Instructions to follow »
Leaving out all images, write out the records that follow exactly.
******
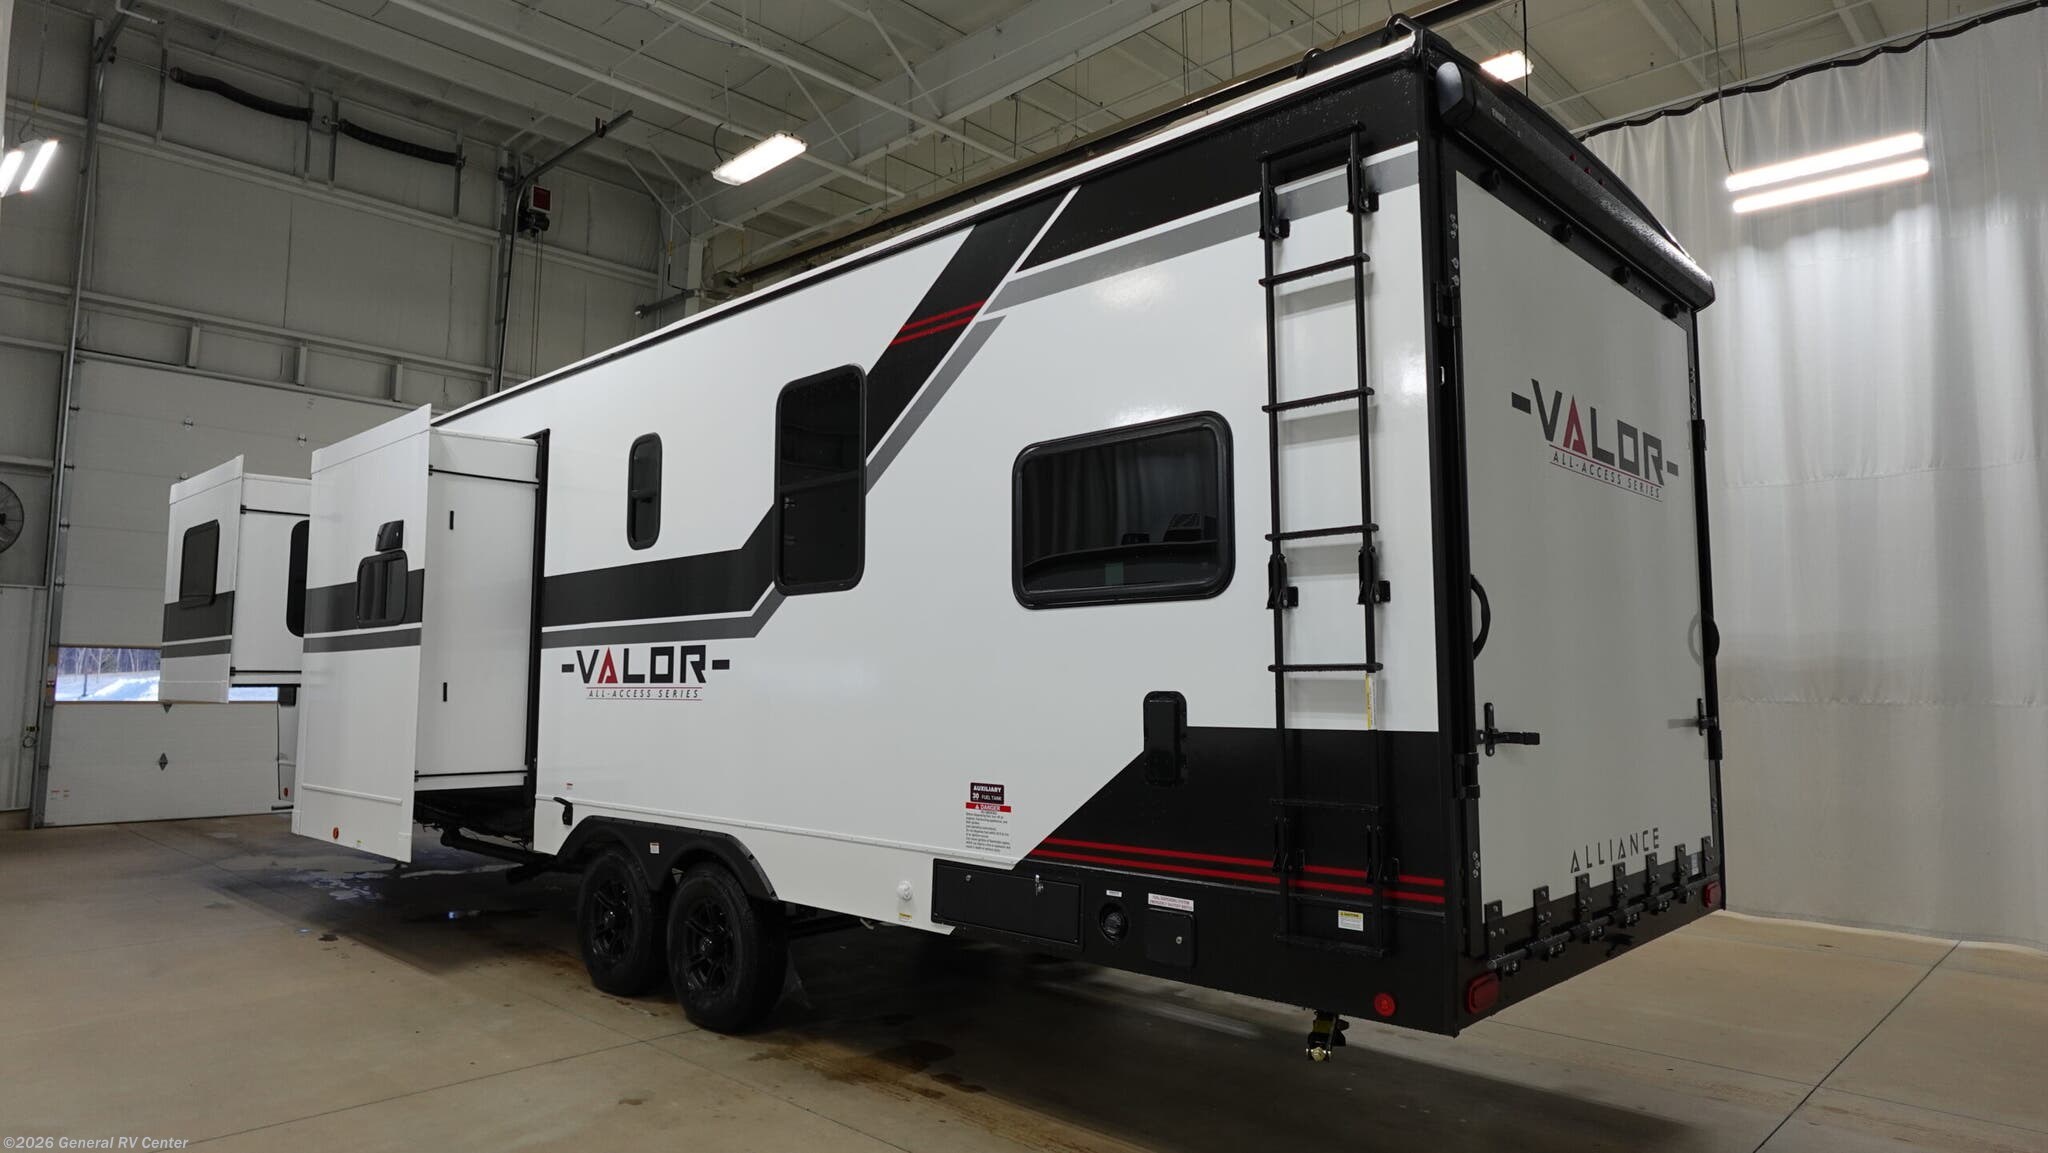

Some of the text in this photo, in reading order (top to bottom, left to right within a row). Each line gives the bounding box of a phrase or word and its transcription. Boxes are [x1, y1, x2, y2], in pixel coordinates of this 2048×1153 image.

[1553, 452, 1660, 498] ALL-ACCESS SERIES
[589, 689, 699, 698] ALL-ACCESS SERIES
[973, 785, 1002, 793] AUXILIARY
[1570, 827, 1660, 874] ALLIANCE
******
Your response »
Some of the text in this photo, in reading order (top to bottom, left to right within a row). Each line gives the bounding box of a phrase or word and its transcription. Boxes are [x1, y1, x2, y2], in pixel coordinates of this 2048×1153 image.

[1553, 452, 1660, 498] ALL-ACCESS SERIES
[589, 689, 699, 698] ALL-ACCESS SERIES
[973, 785, 1002, 793] AUXILIARY
[1570, 827, 1660, 874] ALLIANCE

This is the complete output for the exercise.